Annotated photo localization data:
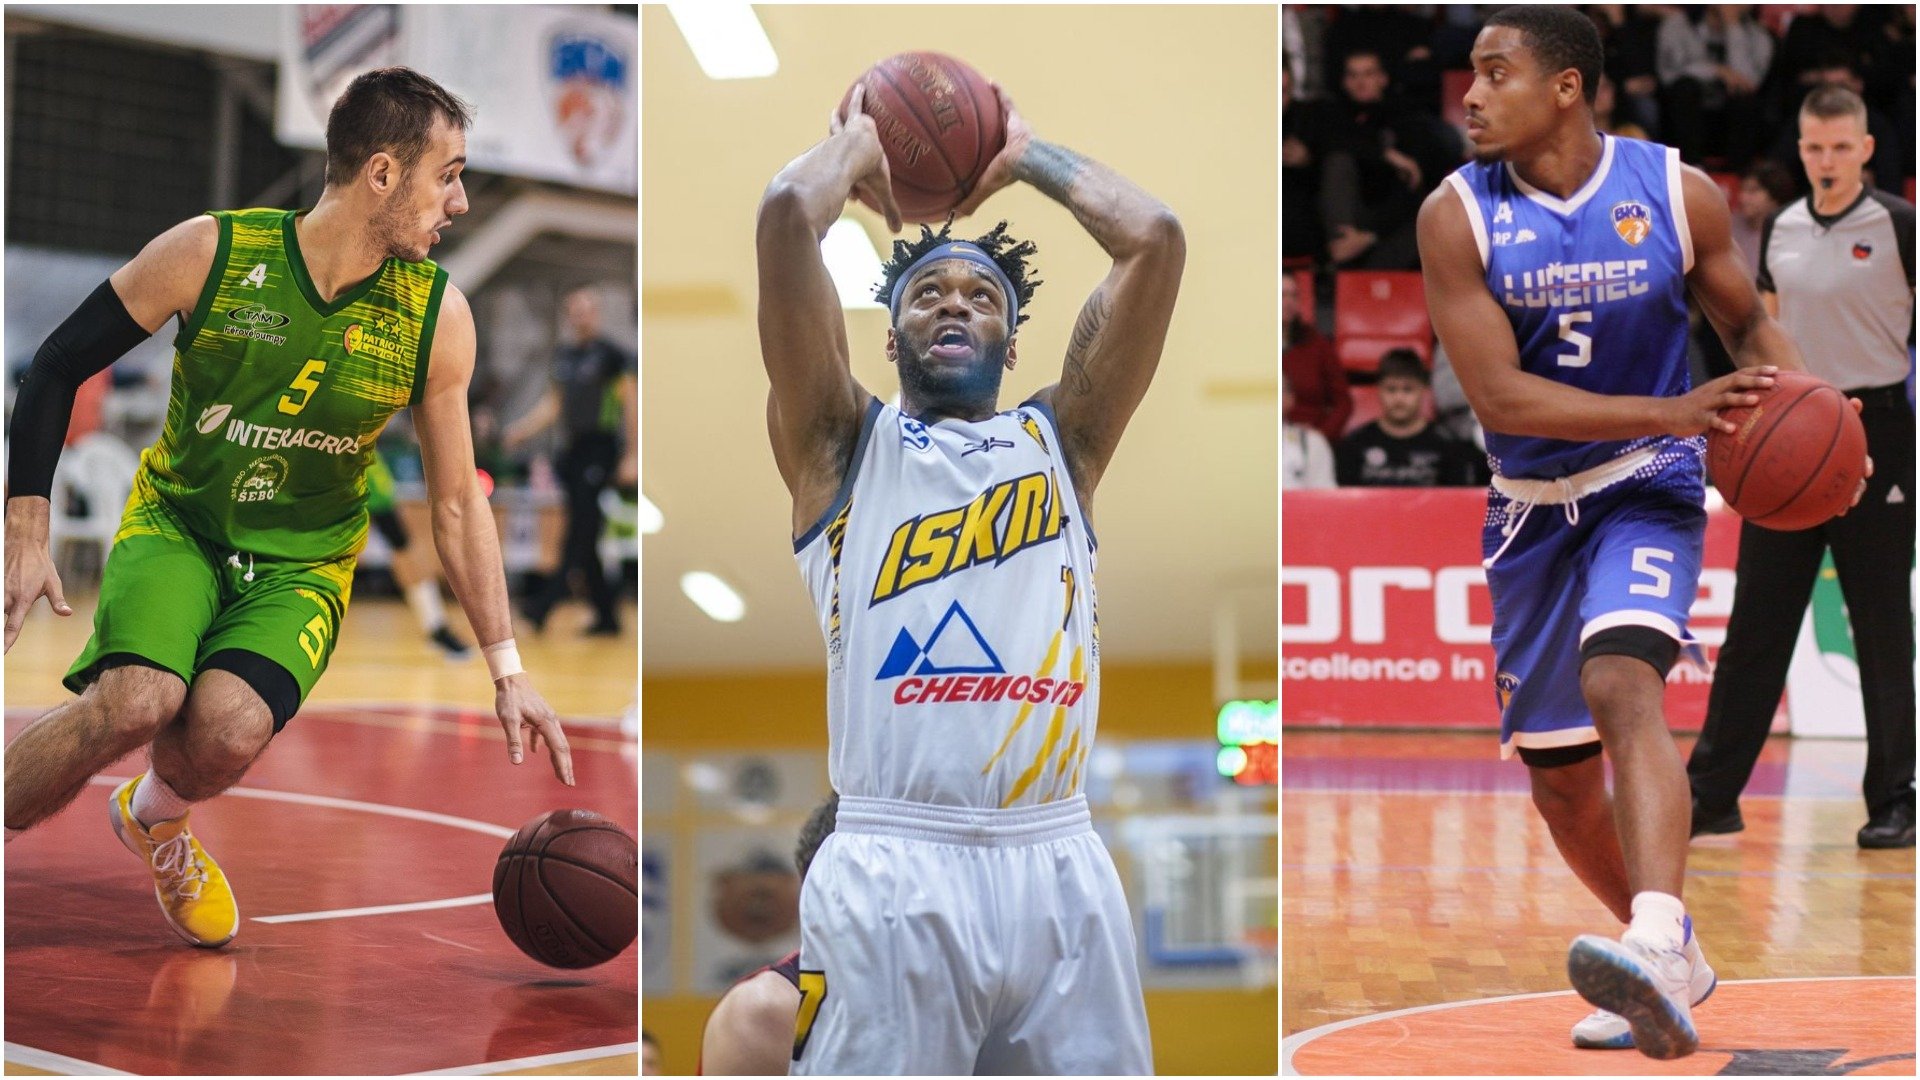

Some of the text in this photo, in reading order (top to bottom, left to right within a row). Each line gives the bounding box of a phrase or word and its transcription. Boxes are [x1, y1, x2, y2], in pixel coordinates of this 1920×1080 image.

[254, 330, 287, 346] pumpy
[1557, 311, 1593, 368] 5
[277, 358, 328, 416] 5
[225, 418, 363, 455] INTERAGROS
[238, 488, 274, 502] ŠEBO
[1629, 547, 1675, 599] 5
[298, 613, 329, 670] 5
[1451, 652, 1485, 682] in
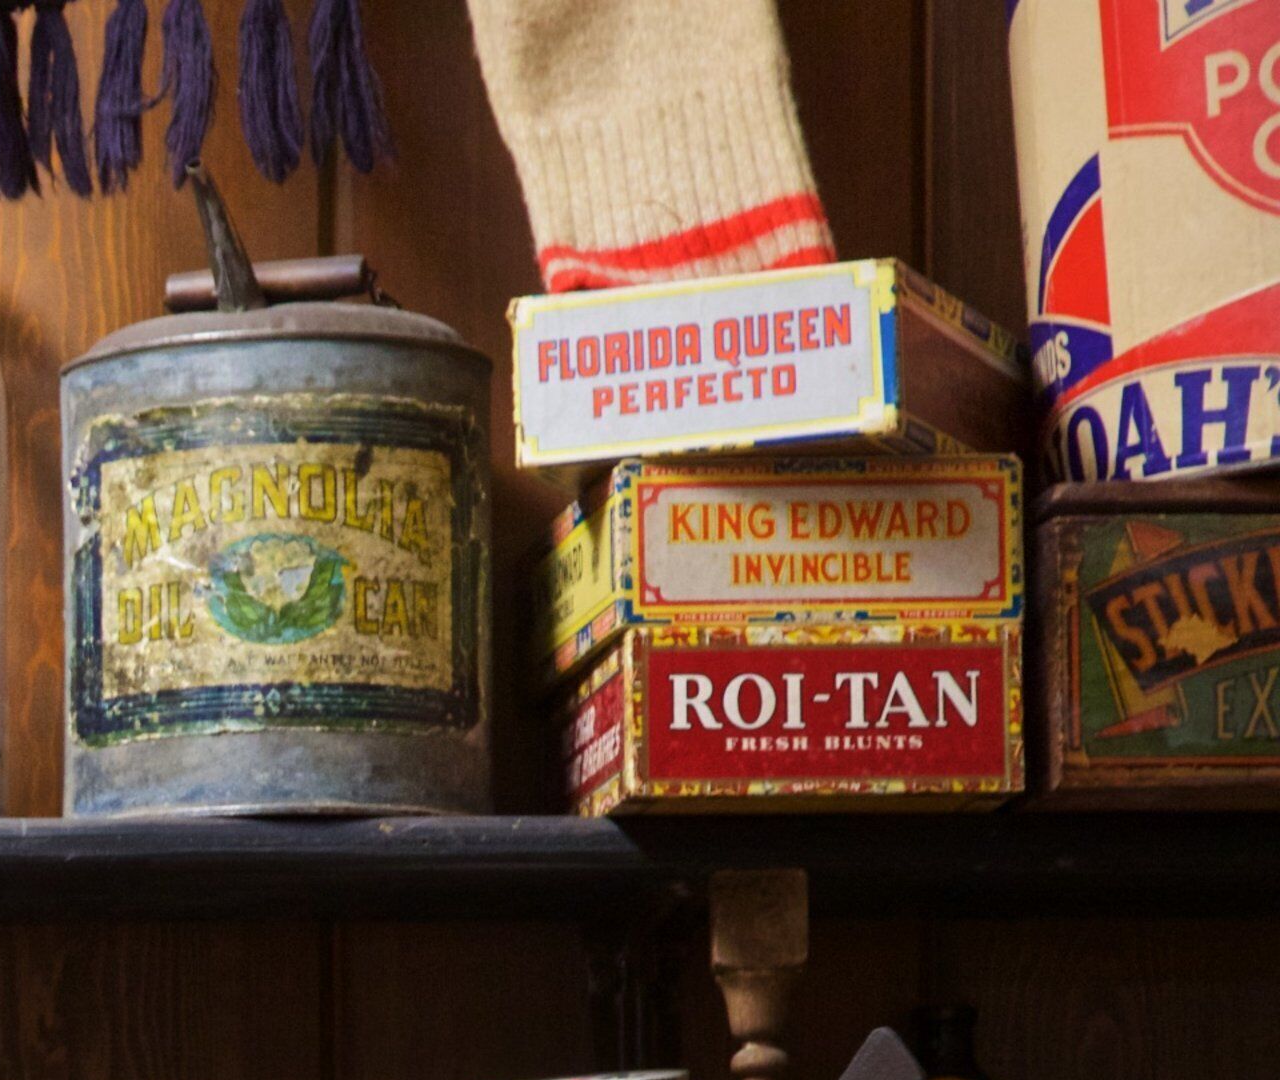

> _TASK DETAILS_
Please give all of the data again, exact and free of pictures.

> _TASK RESULT_
Some of the text in this photo, in reading order (top to bottom, left to right within a row). Each line gives the bounding box of a phrase or word and its transcription. Boxes are [x1, y1, x2, y2], in pixel coordinates of this 1920×1080 image.

[254, 330, 287, 346] pumpy
[1557, 311, 1593, 368] 5
[277, 358, 328, 416] 5
[225, 418, 363, 455] INTERAGROS
[238, 488, 274, 502] ŠEBO
[1629, 547, 1675, 599] 5
[298, 613, 329, 670] 5
[1451, 652, 1485, 682] in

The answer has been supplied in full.